Exercise:
With pictures removed, print the listing exactly.

Dataset records below:

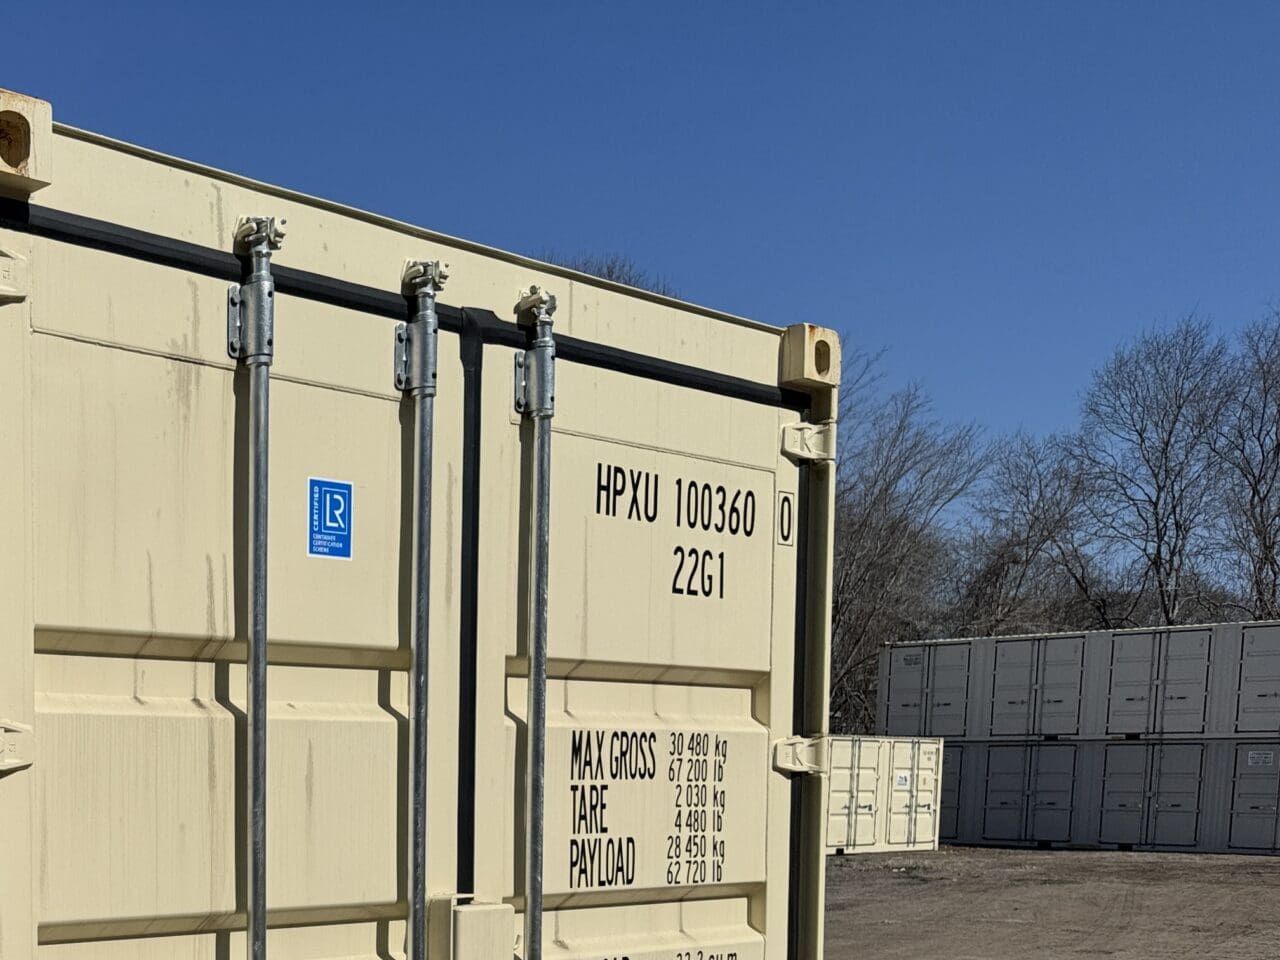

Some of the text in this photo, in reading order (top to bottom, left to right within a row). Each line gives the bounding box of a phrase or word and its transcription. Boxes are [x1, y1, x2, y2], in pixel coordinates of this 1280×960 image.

[596, 462, 791, 542] HPXU 100360 0
[672, 546, 724, 599] 22G1
[570, 730, 657, 781] MAX GROSS
[669, 732, 728, 764] 30 480 kg
[668, 758, 724, 782] 67 200 lb
[570, 784, 609, 834] TARE
[675, 784, 726, 815] 2 030 kg
[674, 809, 723, 833] 4 480 lb
[570, 837, 636, 889] PAYLOAD
[667, 835, 725, 865] 28 450 kg
[667, 860, 722, 885] 62 720 lb

End of Dataset records.

Output for this exercise:
Some of the text in this photo, in reading order (top to bottom, left to right within a row). Each line gives the bounding box of a phrase or word and its transcription. Boxes are [x1, y1, x2, y2], in pixel coordinates of this 1280×960 image.

[596, 462, 791, 542] HPXU 100360 0
[672, 546, 724, 599] 22G1
[570, 730, 657, 781] MAX GROSS
[669, 732, 728, 764] 30 480 kg
[668, 758, 724, 782] 67 200 lb
[570, 784, 609, 834] TARE
[675, 784, 726, 815] 2 030 kg
[674, 809, 723, 833] 4 480 lb
[570, 837, 636, 889] PAYLOAD
[667, 835, 725, 865] 28 450 kg
[667, 860, 722, 885] 62 720 lb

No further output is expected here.